SINGAPORE (THE NEW PAPER) - She got to know the safe distancing ambassador (SDA) in November last year when he helped her speak to a customer about safe distancing guidelines.
He allegedly told her she looked pretty and asked for her days off and if she had a boyfriend. Soon after he started following her. She was so traumatised she eventually made a police report.
The 20-year-old woman, who wanted to be known only as Ms Isabel, works in a restaurant at Tampines 1. Speaking to The New Paper (TNP) recently, she said: “He asked me for my contact number and whether I had an Instagram account. He also asked if I had any pretty friends I could introduce him to.”
She eventually gave him her number a month later.
“It was a huge regret of mine. I should have said no or at least given him a fake number so he would stop persisting,” she said.
Earlier this year, he allegedly took a photo of her and sent it to her.
“I was so creeped out. I told him not to take (any more) photos of me,” she said.
Later, Ms Isabel said he followed her during her lunch breaks and tried to strike up conversations with her.
“The last straw was in late April (this year). When I was heading back to the restaurant after my toilet break, I saw him walking towards me from afar,” she said.
“I made sure to avoid eye contact, but he rushed towards me and blocked my path.
“He bent down so we were face to face, then said, ‘Cannot see me ah?’ I was so scared.”
Ms Isabel made the police report that same day.

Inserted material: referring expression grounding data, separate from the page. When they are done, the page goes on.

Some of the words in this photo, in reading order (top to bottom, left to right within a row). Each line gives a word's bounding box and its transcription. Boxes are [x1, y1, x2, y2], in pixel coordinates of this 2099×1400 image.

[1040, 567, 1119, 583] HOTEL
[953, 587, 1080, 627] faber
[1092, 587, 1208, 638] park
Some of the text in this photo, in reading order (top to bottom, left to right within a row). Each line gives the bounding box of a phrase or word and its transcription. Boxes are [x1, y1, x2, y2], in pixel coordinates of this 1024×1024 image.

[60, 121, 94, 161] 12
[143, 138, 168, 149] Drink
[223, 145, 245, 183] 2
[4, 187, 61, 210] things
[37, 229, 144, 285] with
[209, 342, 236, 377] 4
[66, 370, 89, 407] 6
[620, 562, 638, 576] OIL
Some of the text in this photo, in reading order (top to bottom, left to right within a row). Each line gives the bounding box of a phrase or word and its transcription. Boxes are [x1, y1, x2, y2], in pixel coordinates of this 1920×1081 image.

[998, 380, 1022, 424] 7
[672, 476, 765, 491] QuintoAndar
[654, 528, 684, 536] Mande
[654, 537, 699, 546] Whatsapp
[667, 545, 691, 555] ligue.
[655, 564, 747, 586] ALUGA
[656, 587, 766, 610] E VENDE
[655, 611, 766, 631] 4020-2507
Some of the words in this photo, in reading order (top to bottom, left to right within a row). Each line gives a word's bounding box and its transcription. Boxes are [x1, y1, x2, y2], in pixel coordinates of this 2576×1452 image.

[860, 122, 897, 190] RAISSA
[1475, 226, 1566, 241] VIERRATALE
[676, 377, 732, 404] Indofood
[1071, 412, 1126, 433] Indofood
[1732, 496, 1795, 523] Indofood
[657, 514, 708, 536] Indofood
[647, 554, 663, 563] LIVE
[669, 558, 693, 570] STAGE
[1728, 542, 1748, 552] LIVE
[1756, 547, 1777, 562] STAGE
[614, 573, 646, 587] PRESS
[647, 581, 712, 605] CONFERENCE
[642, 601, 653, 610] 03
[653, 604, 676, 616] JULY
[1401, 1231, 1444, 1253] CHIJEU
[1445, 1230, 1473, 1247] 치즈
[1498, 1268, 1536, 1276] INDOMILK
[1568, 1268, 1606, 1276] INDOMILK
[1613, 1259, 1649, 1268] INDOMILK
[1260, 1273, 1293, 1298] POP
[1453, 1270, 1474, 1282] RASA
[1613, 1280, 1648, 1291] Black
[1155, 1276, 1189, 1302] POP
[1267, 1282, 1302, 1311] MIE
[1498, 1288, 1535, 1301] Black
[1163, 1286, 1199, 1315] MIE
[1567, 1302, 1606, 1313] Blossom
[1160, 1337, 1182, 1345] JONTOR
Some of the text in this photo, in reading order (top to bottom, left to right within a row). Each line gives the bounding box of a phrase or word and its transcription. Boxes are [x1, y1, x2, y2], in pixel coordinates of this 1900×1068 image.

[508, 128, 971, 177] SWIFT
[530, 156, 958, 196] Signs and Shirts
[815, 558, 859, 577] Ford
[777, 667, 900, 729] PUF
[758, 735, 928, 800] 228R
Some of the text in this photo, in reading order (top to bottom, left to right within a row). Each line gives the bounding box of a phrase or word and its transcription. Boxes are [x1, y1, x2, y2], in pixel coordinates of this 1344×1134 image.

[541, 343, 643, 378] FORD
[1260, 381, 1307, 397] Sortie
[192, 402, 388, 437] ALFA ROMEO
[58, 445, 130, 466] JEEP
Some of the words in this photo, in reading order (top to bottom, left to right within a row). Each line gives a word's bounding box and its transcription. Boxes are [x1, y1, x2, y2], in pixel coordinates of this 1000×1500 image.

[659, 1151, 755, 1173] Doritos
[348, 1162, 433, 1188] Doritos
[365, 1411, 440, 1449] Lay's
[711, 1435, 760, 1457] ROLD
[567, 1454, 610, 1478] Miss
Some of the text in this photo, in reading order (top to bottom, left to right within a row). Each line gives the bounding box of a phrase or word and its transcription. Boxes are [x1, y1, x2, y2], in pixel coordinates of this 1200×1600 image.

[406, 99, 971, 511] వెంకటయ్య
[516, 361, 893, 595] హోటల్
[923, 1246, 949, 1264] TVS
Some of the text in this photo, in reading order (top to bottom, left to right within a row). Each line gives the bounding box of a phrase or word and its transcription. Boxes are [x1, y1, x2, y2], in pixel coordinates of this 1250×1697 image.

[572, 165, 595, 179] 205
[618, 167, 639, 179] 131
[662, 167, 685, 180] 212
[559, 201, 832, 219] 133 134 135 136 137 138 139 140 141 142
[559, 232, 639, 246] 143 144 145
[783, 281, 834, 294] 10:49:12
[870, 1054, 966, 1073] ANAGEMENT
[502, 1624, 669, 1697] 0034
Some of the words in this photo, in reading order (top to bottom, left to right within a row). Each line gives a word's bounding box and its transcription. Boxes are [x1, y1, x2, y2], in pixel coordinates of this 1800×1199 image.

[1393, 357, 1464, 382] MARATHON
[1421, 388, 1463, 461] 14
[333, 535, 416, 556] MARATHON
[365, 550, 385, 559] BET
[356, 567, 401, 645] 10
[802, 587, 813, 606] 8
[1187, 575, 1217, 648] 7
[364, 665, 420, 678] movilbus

In response to queries, the police confirmed that a report had been made.
A spokesman for the Ministry of Sustainability and the Environment (MSE) said: “Our agencies will investigate feedback of inappropriate actions made against SDAs or enforcement officers.
“Regarding the alleged incident that took place at Tampines 1, which was reported to the police, Enterprise Singapore is currently looking into the feedback.
“Appropriate action will be taken after the investigation is completed.”
Other women have also reached out to TNP about their experiences with SDAs and enforcement officers.
A 22-year-old pre-school educator, who wanted to be known only as Ms Enaz, was entering Paya Lebar Quarter with her fiance on July 4 when an enforcement officer allegedly poked her.
Her fiance had made it clear that he had checked in for both of them.
“But when I walked in, the enforcement officer suddenly poked my left shoulder twice... I remember clearly that it was really hard and painful,” Ms Enaz said.
In a separate incident, a 21-year-old woman who declined to be named said she was “catcalled” by an SDA while receiving her first vaccine dose at Chua Chu Kang Community Club in late June.
Both women did not report the incidents.
Members of the public who are unsure which agency an SDA or enforcement officer belongs to may provide their feedback to MSE, which will direct it to the respective agencies for a follow-up.
The MSE spokesman added that training is conducted for SDAs and enforcement officers to prepare them for deployment.
“They are briefed on the safe distancing measures and safe management measures, code of conduct and rules of engagement when interacting with members of the public,” said the spokesman.
“They are also regularly updated on new measures and briefed by their team leaders and supervisors on their deployments.”
Said Ms Isabel: “Despite my experience, I know that the job of an SDA is not easy, especially having to deal with people who refuse to cooperate. Many of them have been putting themselves at risk by being front-line workers to ensure rules are followed.”